= Beginning of Section =

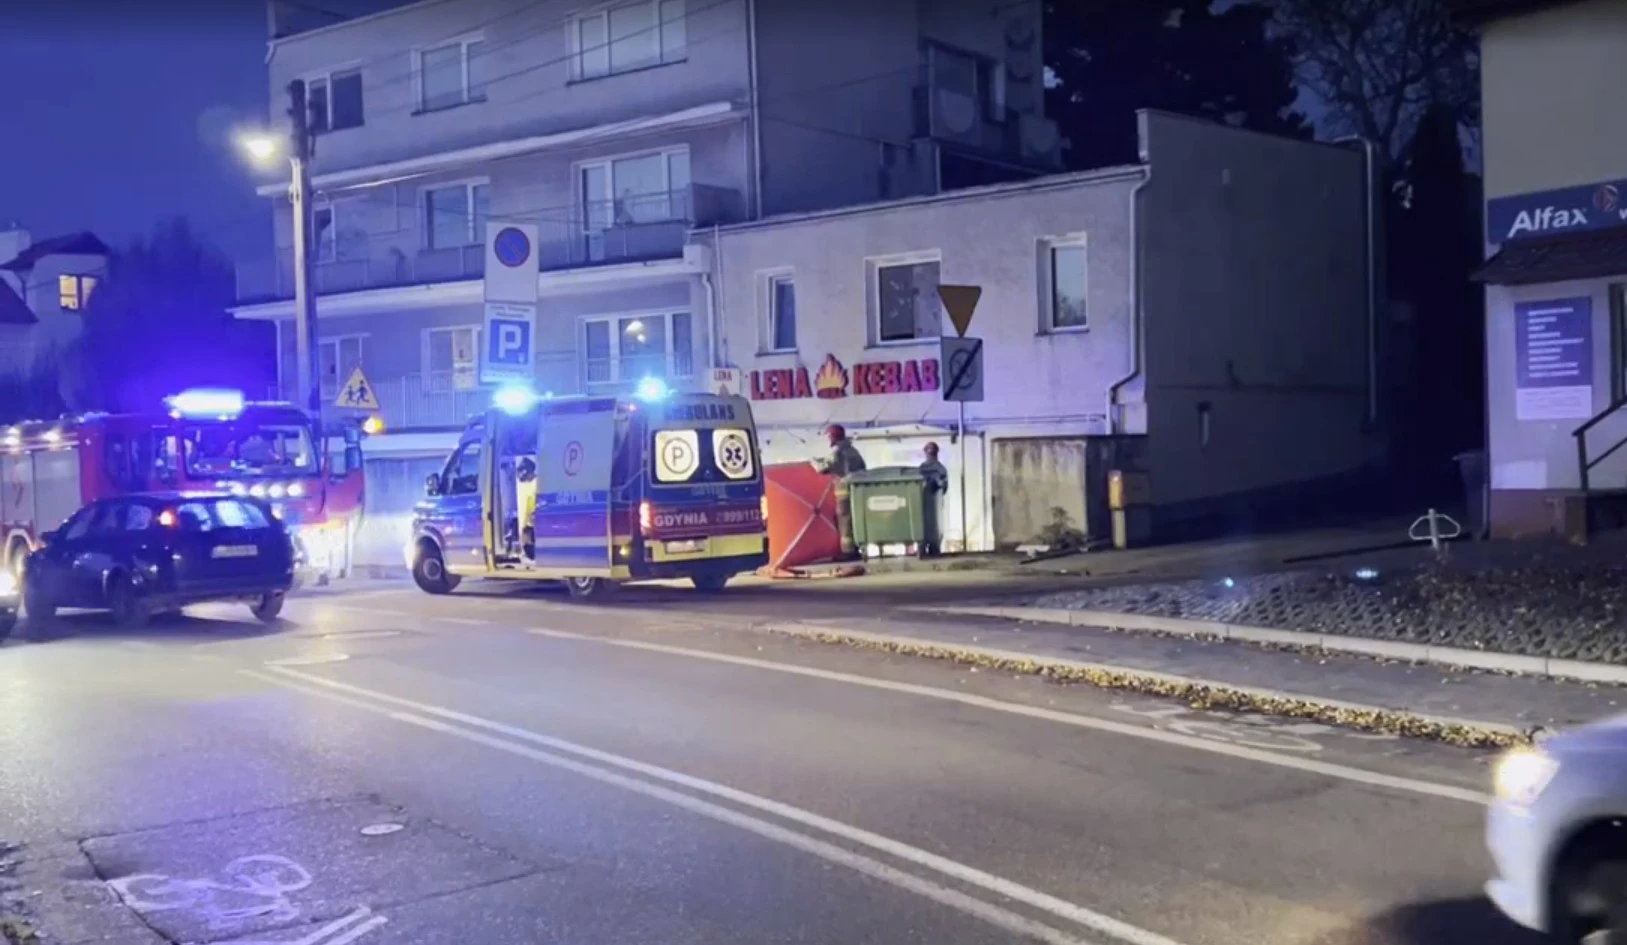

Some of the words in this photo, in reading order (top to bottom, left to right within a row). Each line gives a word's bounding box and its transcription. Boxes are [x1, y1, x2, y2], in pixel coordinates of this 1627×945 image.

[1507, 206, 1588, 239] Alfax
[499, 324, 522, 359] P
[714, 370, 732, 381] LENA
[751, 367, 812, 400] LENA
[853, 359, 940, 395] KEBAB
[653, 511, 708, 527] GDYNIA
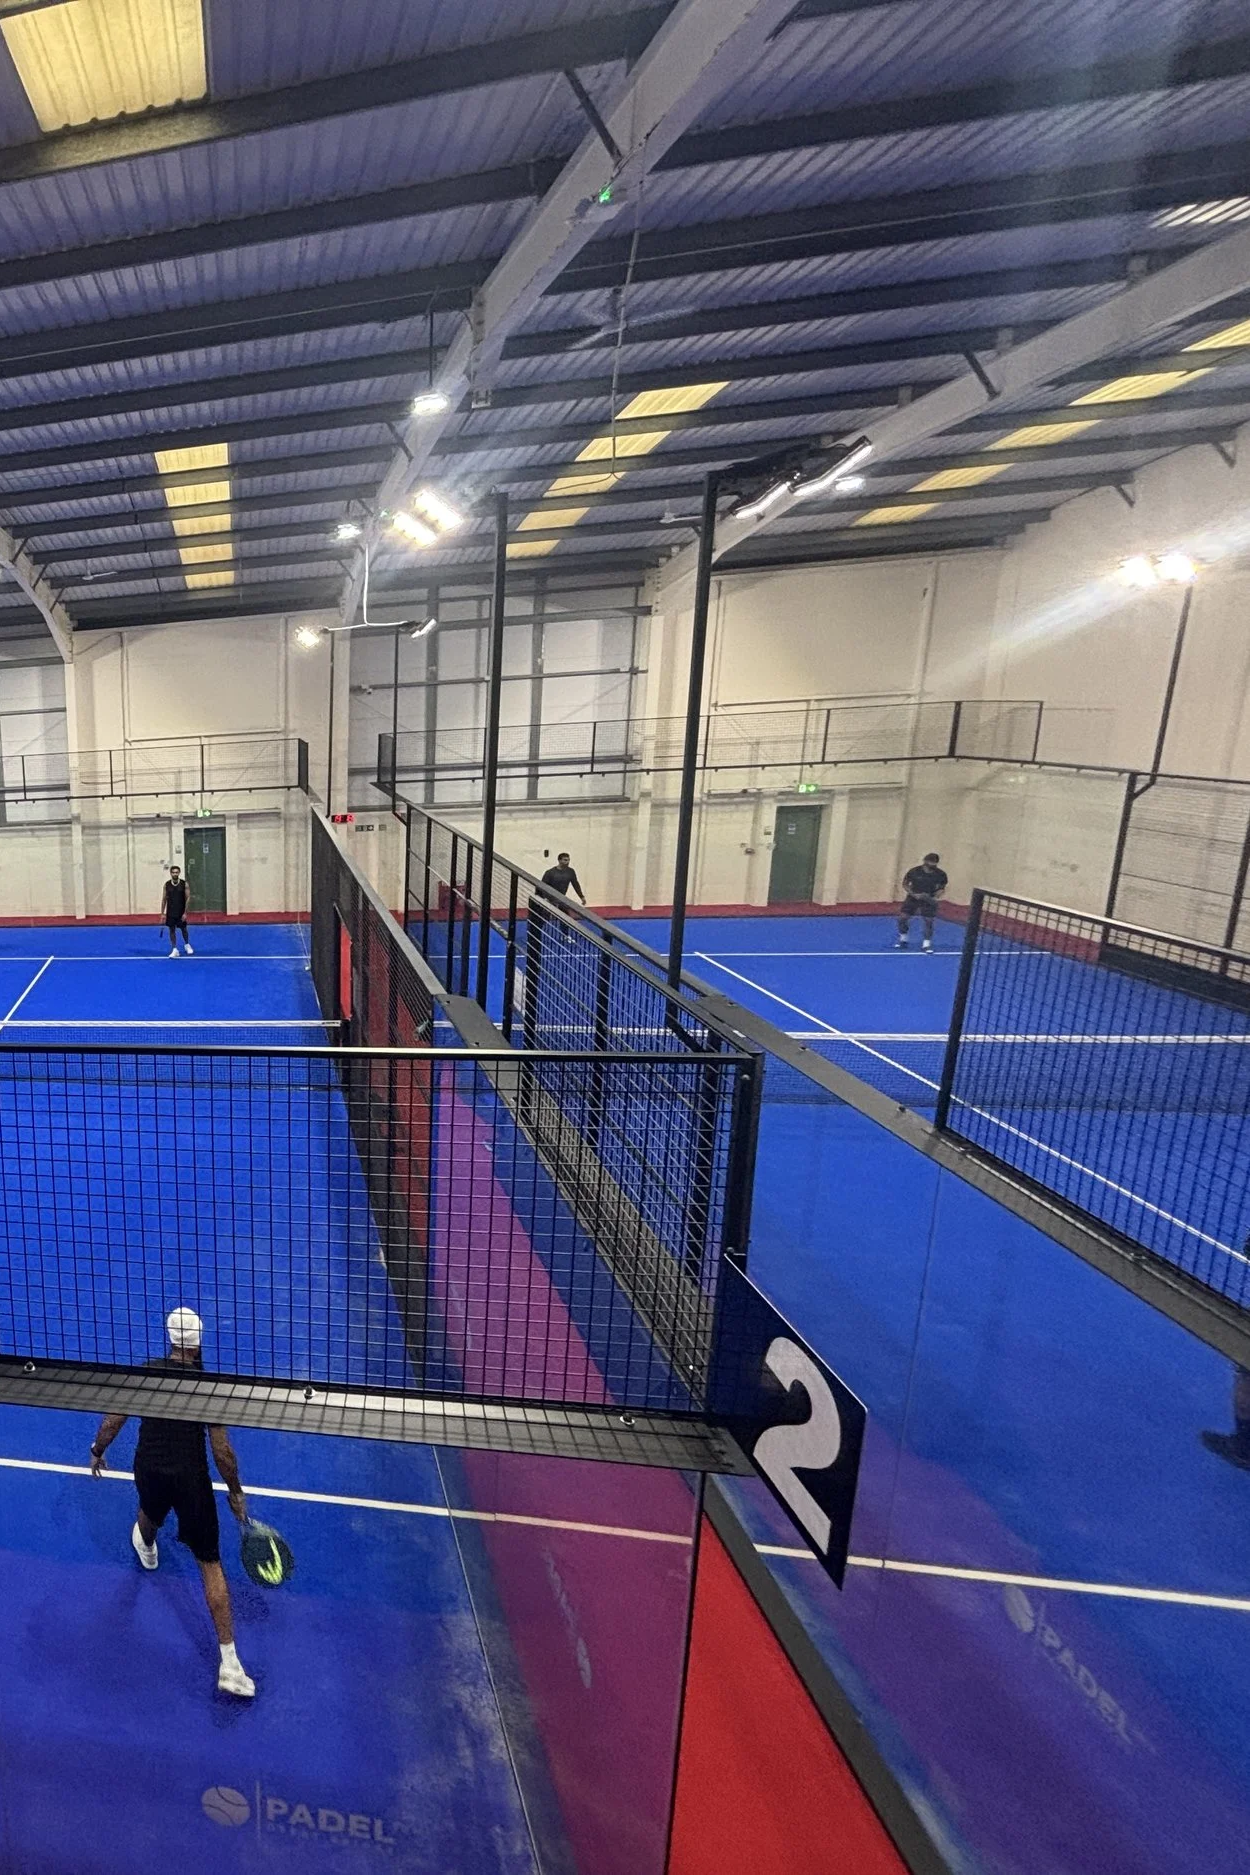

= End of Section =

→ **Try it**
Skip the images and write out the rest of the listing exactly.

→ **Written reply**
Some of the words in this photo, in reading order (top to bottom, left to right within a row). Each line gives a word's bounding box and its transcription. Boxes are [x1, y1, x2, y2], in pixel coordinates of this 1627×945 image.

[1507, 206, 1588, 239] Alfax
[499, 324, 522, 359] P
[714, 370, 732, 381] LENA
[751, 367, 812, 400] LENA
[853, 359, 940, 395] KEBAB
[653, 511, 708, 527] GDYNIA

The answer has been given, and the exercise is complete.